DESCRIPTION OF THE EXCHANGE NOTES
Set forth below is a description of the specific terms of the Exchange Notes. The 2024 Initial Notes were, and the 2024 Exchange Notes will be, issued under the fifth supplement to, the 2029 Initial Notes were, and the 2029 Exchange Notes will be, issued under the fourth supplement to, the 2043 Initial Notes were, the 2043 Exchange Notes will be, issued under the third supplement to, the 2044 Initial Notes were, the 2044 Exchange Notes will be, issued under the second supplement to, and the 2049 Initial Notes were, the 2049 Exchange Notes will be, issued under the first supplement to, the indenture, dated as of June 30, 2021, as amended to date, between us and The Bank of New York Mellon Trust Company, N.A., as trustee. The term “indenture” when used in this prospectus will refer to the indenture as amended by all supplemental indentures executed and delivered on or prior to the date on which the Notes are issued and sold. The terms of the Notes include those stated in the indenture and those made part of the indenture by reference to the U.S. Trust Indenture Act of 1939, as amended.

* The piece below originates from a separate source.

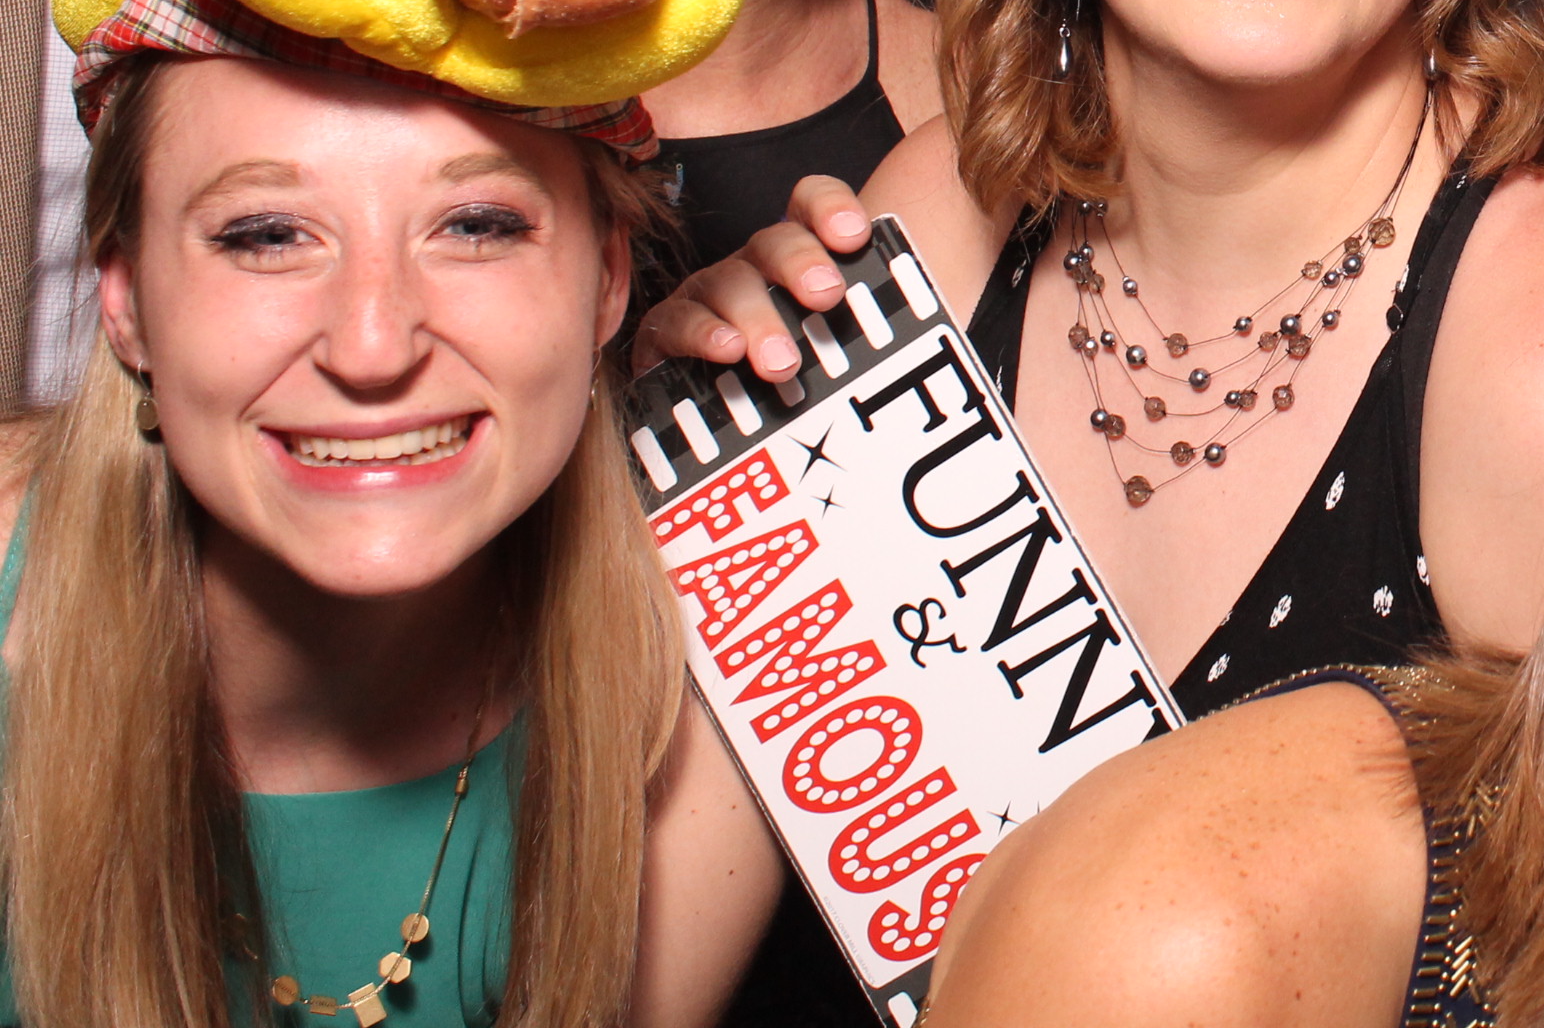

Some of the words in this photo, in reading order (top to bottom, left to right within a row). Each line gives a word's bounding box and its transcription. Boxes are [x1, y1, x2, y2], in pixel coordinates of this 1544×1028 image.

In this “Description of the Exchange Notes”, we refer to the 2024 Initial Notes and the 2024 Exchange Notes collectively as the “2024 Notes”, to the 2029 Initial Notes and the 2029 Exchange Notes collectively as the “2029 Notes”, to the 2043 Initial Notes and the 2043 Exchange Notes collectively as “the 2043 Notes”, to the 2044 Initial Notes and the 2044 Exchange Notes collectively as the “2044 Notes” and to the 2049 Initial Notes and the 2049 Exchange Notes as the “2049 Notes”.
The following description is a summary of the material provisions of the indenture and the Registration Rights Agreement. It does not restate those agreements in their entirety. We urge you to read the indenture and the Registration Rights Agreement because they, and not this description, define your rights as a holder of the Notes. The definitions of certain capitalized terms used in the following summary are set forth below under “—Certain Definitions”.
General
The indenture does not limit the aggregate principal amount of the debt securities that may be issued thereunder and provides that debt securities may be issued from time to time in one or more series.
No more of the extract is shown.